A neurological challenge to the “worse is better” scenario
From Nature Neuroscience:
How unrealistic optimism is maintained in the face of reality
Abstract
Unrealistic optimism is a pervasive human trait that influences domains ranging from personal relationships to politics and finance. How people maintain unrealistic optimism, despite frequently encountering information that challenges those biased beliefs, is unknown. We examined this question and found a marked asymmetry in belief updating. Participants updated their beliefs more in response to information that was better than expected than to information that was worse. This selectivity was mediated by a relative failure to code for errors that should reduce optimism.

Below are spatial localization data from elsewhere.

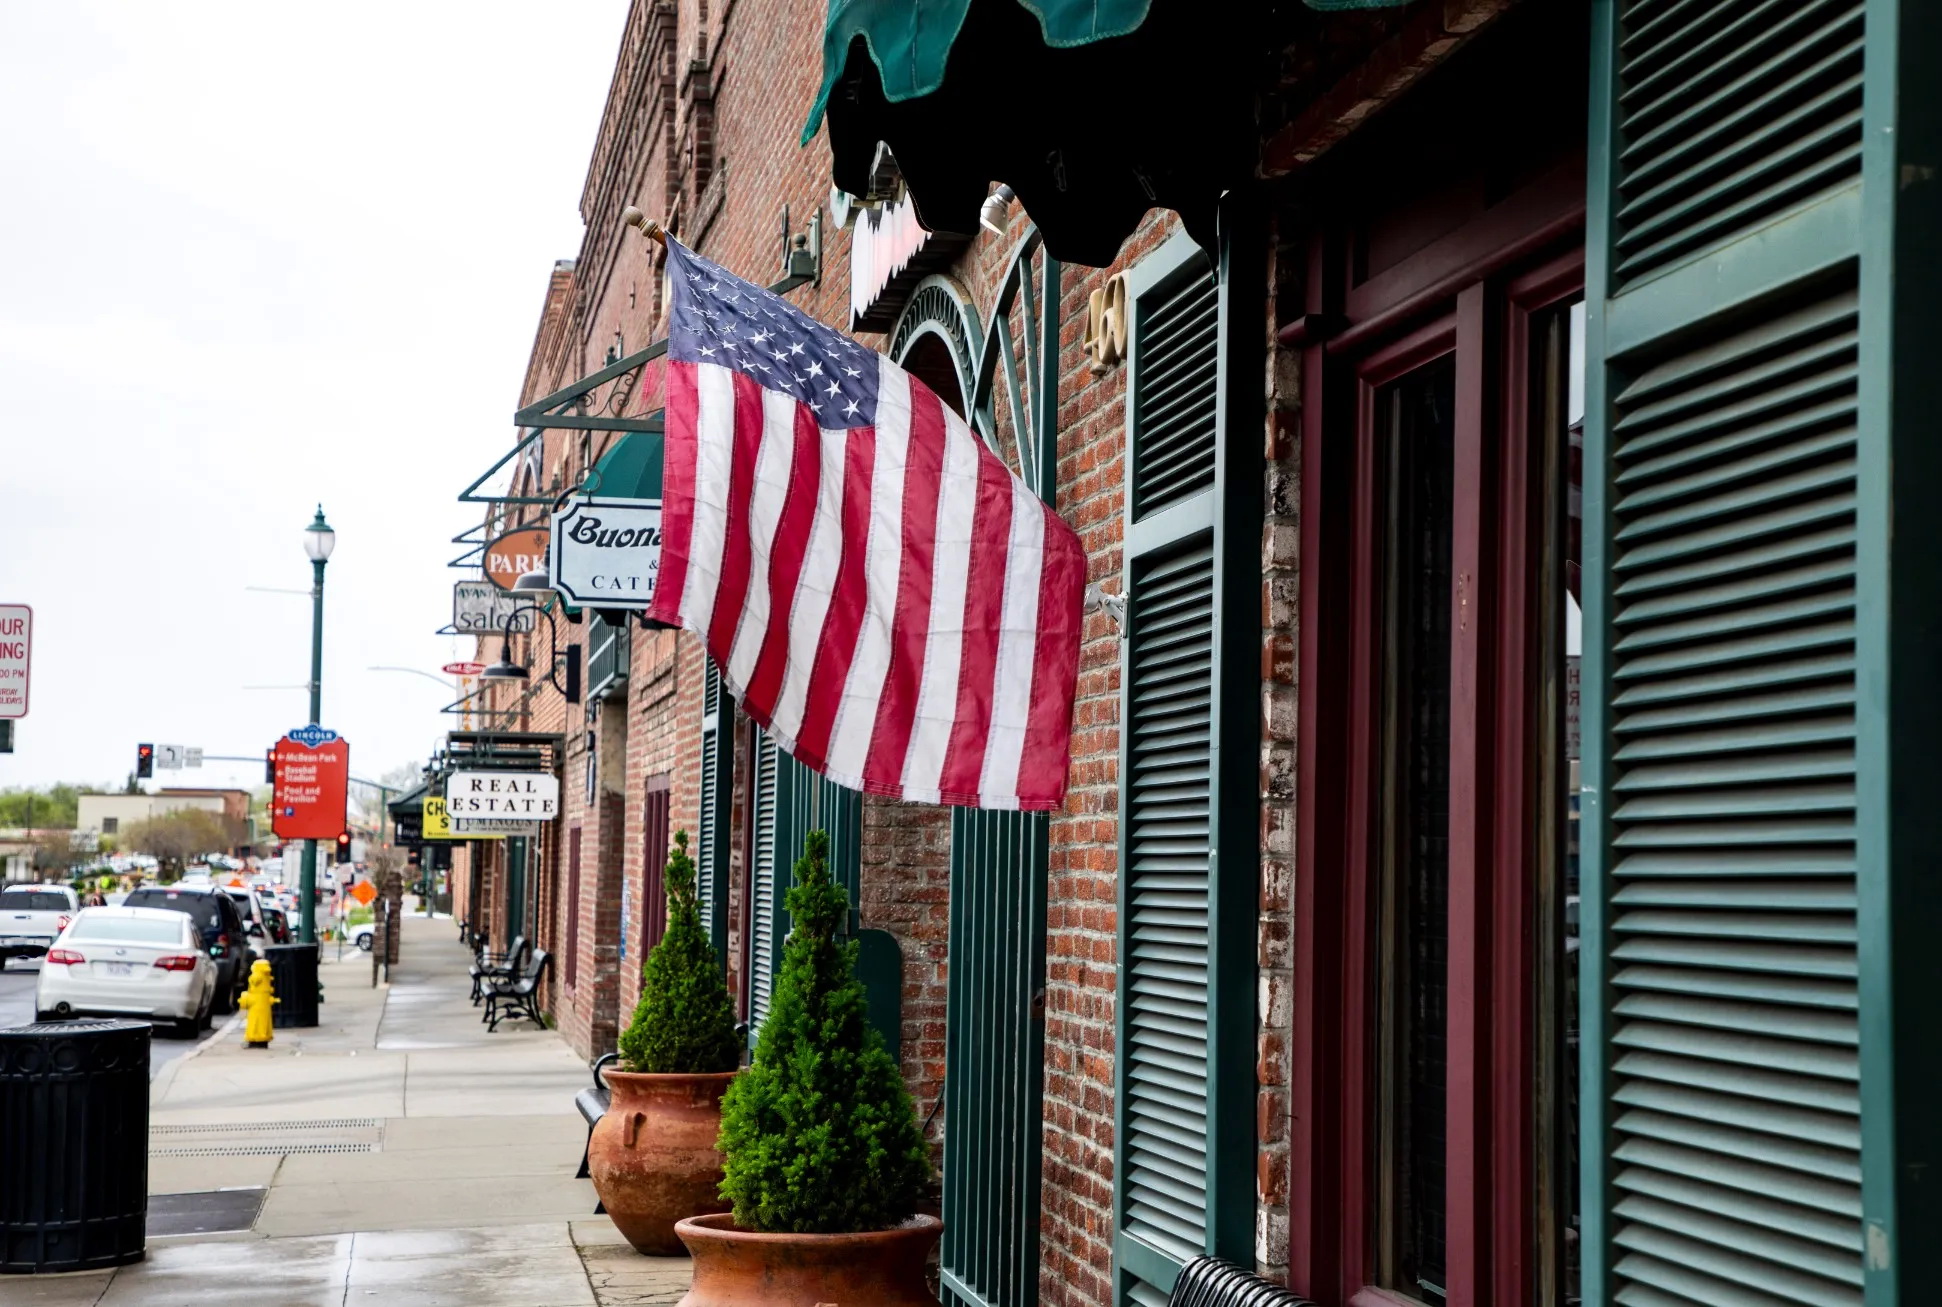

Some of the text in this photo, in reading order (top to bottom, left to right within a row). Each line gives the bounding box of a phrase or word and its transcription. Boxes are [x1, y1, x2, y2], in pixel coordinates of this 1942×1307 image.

[460, 607, 529, 630] salon
[0, 618, 24, 636] UR
[0, 687, 18, 696] RDAY
[292, 731, 333, 740] LINCOLN
[319, 753, 337, 763] Park
[284, 765, 317, 774] Baseball
[284, 774, 316, 782] Stadium
[470, 778, 537, 793] REAL
[283, 786, 321, 796] Pool and
[283, 794, 317, 803] Pavilion
[426, 802, 447, 816] CH
[452, 797, 553, 813] ESTATE

Distinct regions of the prefrontal cortex tracked estimation errors when those called for positive update, both in individuals who scored high and low on trait optimism. However, highly optimistic individuals exhibited reduced tracking of estimation errors that called for negative update in right inferior prefrontal gyrus. These findings indicate that optimism is tied to a selective update failure and diminished neural coding of undesirable information regarding the future.
Posted by anon / uh on Thu, 27 Oct 2011 00:01 | #
“In time, everyone goes uh-ward.”
Of course, framing this matter as refuting only the “worst is better” crowd arbitrarily restricts the very grave implication for nationalism as a whole. If worse is just worse, then the predictive power of nationalism is entirely spurious, and we’re on the way out.
Wrong.
http://www.declineoftheempire.com/2011/10/the-optimists-brain.html
It’s as though I was right, or something. Could it be that all ‘approach’, all ‘solutions’ — from butthexual Aryan futurism to Linderismo — are nothing but individual reactions to negative information under the influence of a fully functioning anterior cingulate cortex?